Preferably, the tensile body 1 is embedded in the rib belt without contacting adjacent fibers or strands. The ideal degree of filling, ie the ratio of the total cross-section of all tensile bodies to the cross-section of the belt, is at least 20%.

FIG. 16 shows an embodiment of a rib belt 13 that is also suitable as a drive mechanism for an elevator system. The flat tensile layer 51 constitutes the core layer of the wedge-belt 13, replacing the tensile body made of metal or non-metallic ropes described in conjunction with accompanying drawings 13-15, wherein said tensile layer 51 extends over the entire length of the belt and throughout the entire length of the belt. Extends across the width of the belt. The tensile layer 51 can consist of an unreinforced material layer, for example a polyamide film, or a film reinforced with chemical fibres. Such reinforced films contain, for example, the aforementioned Zylon fibers embedded in a corresponding plastic matrix. The tensile layer 51 provides the flat belt with the necessary tensile strength and creep limit strength, yet sufficiently flexible to withstand a sufficiently high number of bending cycles when reversing around the pulleys. The rib layer 53 can consist, for example, of polyurethane or of NBR elastomer (nitrile rubber) and can be connected over the entire or partial area to the tensile layer 51 directly or via an intermediate layer. The rear side of the webbing belt has the same covering layer 54 as the webbing layer, which is connected to the tensile layer 51, preferably in the form of a sliding lining. There can be an intermediate layer (not shown in the figure) between the main layers, which can achieve the necessary adhesion between the layers and/or increase the flexibility of the transmission mechanism. Such a wedge belt with a tensile layer over the entire surface can also have the guide ribs described in conjunction with FIG. 15 .
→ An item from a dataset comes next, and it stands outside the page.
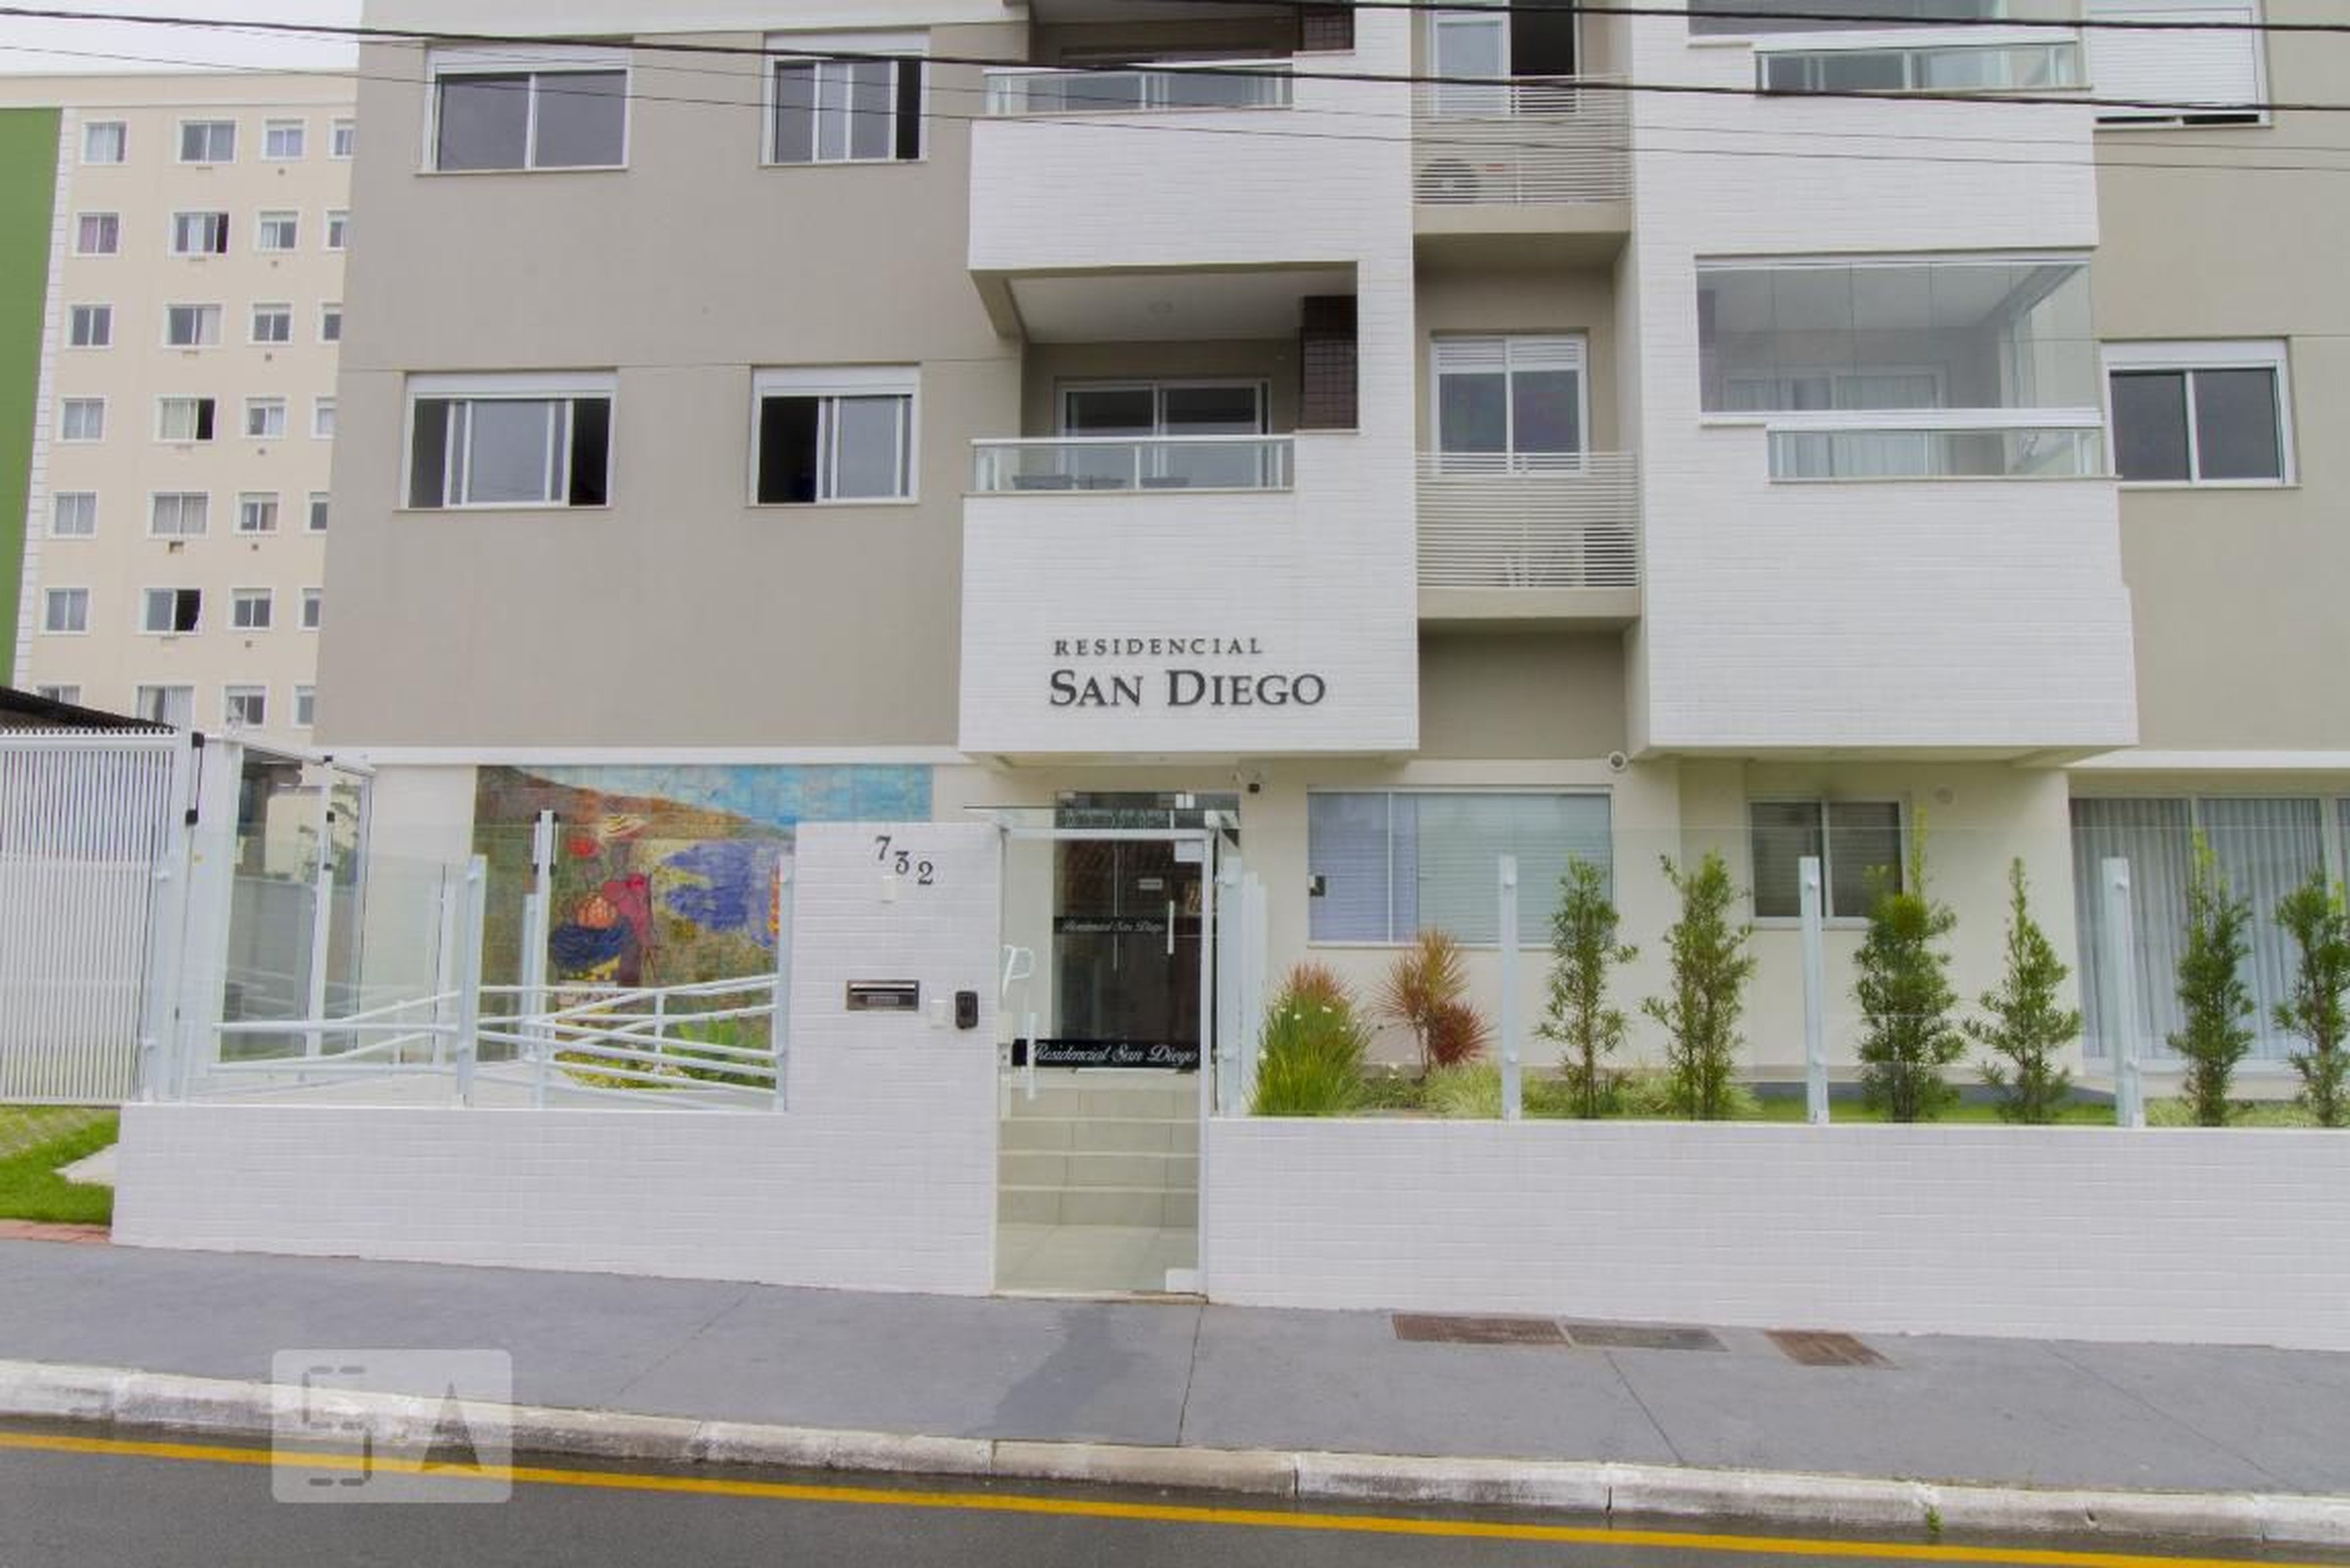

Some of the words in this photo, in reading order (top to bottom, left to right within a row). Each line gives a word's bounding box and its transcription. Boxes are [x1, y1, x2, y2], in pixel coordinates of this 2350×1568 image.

Fig. 17 shows another transmission mechanism for an elevator system to achieve the object of the present invention. The transmission is a multilayer flat belt 50 made of different materials. The core layer of the flat belt comprises at least one flat tensile layer 51, for example consisting of an unreinforced polyurethane film, or of a plastic film reinforced with chemical fibers embedded in a plastic matrix . The tensile layer 51 provides the flat belt with the necessary tensile strength and creep limit strength, yet sufficiently flexible to withstand a sufficiently high number of bending cycles when changing directions around the pulleys. The flat belt 50 additionally has a friction layer 55 on the outer front side, which can for example consist of NBR-elastomer (nitrile rubber), and a covering layer 54 on the outer rear side, which depending on the elevator system, Designed as friction lining or sliding lining. Between the main layers there can be an intermediate layer 56 which enables the necessary adhesion between the layers and/or increases the flexibility of the gear mechanism. To achieve the above-mentioned traction performance, the friction layer has a friction coefficient of 0.5 to 0.7 corresponding to the steel wheel and additionally has wear-resistant properties. The lateral guidance of the flat belt 50 is generally shown in FIG. 18 by means of flat retaining rings 57 arranged on the wheels, possibly in combination with projections on the wheel running surfaces.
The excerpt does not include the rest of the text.